There are some ideas out there about policy solutions to fix the experience rating and UI. Darling's preference is to ax the experience rating and just pick a simple tax rate.

Implementing any of these solutions would be complicated, as there's rarely much political will to act on unemployment insurance. People realize how screwed up the system is when times are bad (see: the Great Recession, the pandemic), but once things get back to normal, everyone sort of forgets. Whatever appetite for action there might have been in Congress dies out — there's no real constituency of people who consider themselves the "unemployed worker." Lawmakers on Capitol Hill and in state legislatures do not love talking about taxes unless they're cutting them.

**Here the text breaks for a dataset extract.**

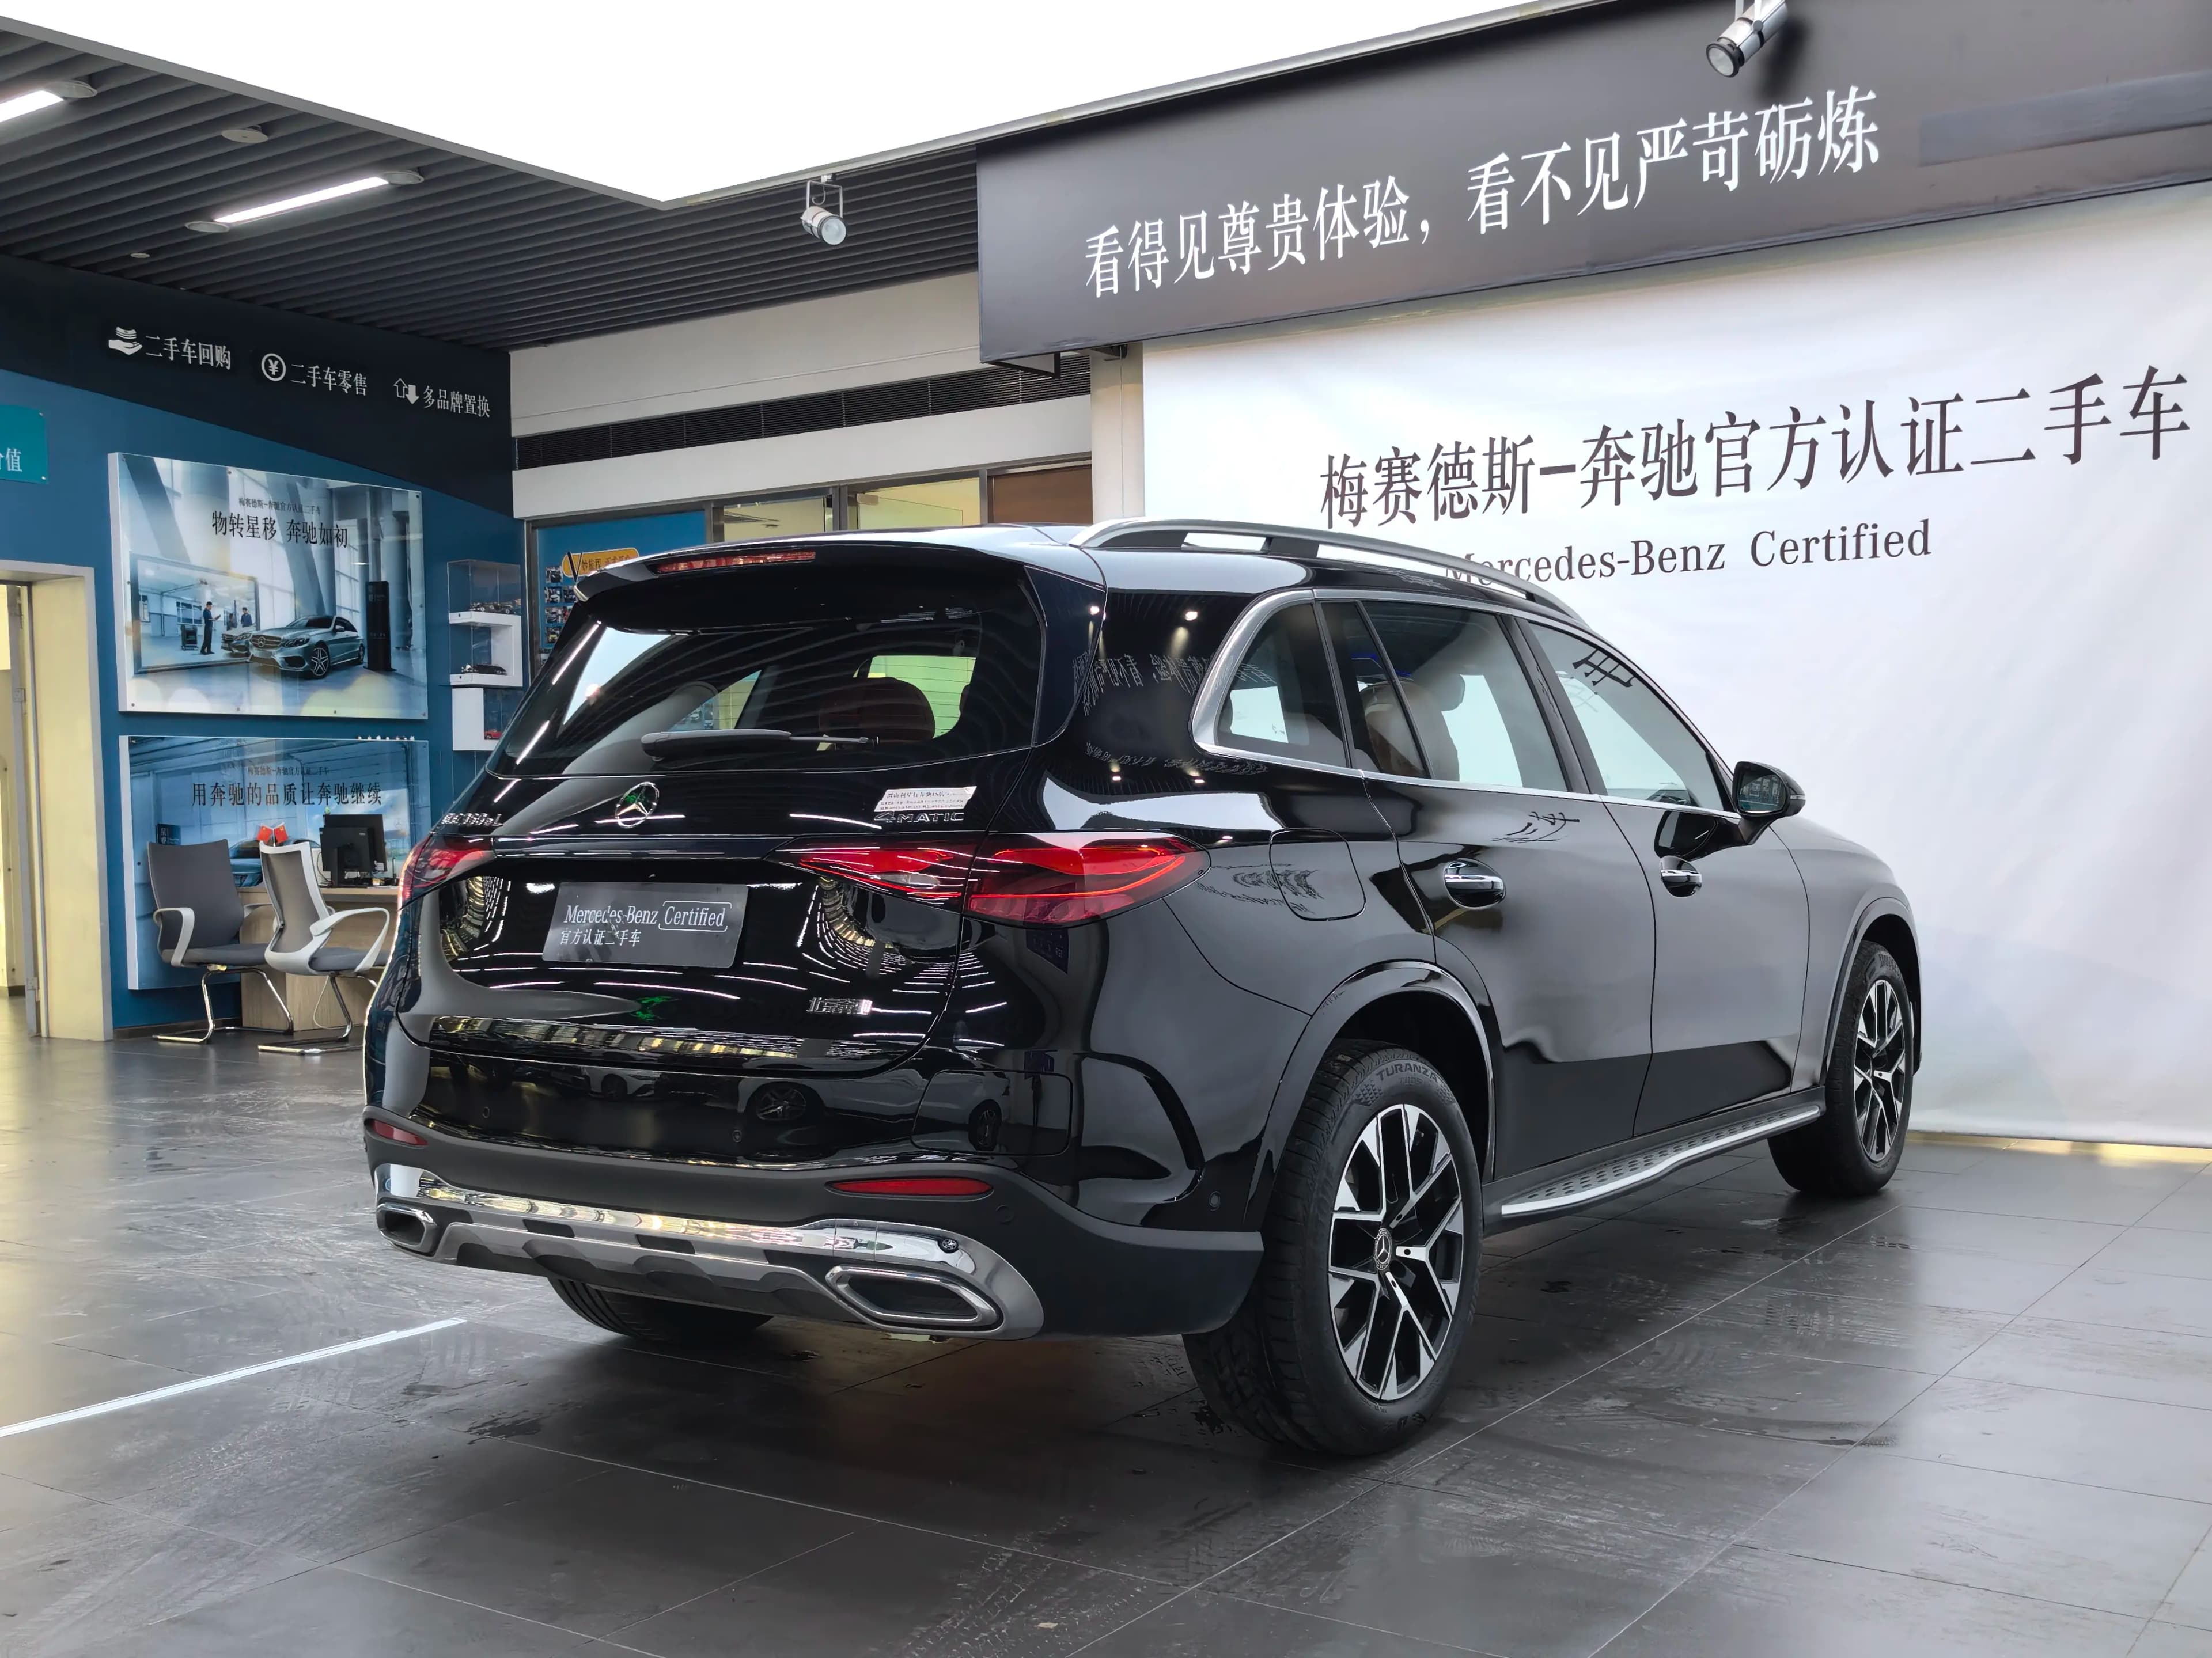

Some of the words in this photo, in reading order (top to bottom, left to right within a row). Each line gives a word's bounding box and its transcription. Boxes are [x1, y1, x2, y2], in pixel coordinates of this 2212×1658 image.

As for why so many young men aren't working, it's a doozy. There's no quick fix for recessions or incarceration rates or pay or any of the many other factors driving the shift. But maybe a step in the right direction here is to at least talk about it. And, hey, if you're a business owner, maybe take a risk on that young guy who walks through your door instead of worrying about what it might cost you if you decide to fire him.


Emily Stewart is a senior correspondent at Business Insider, writing about business and the economy.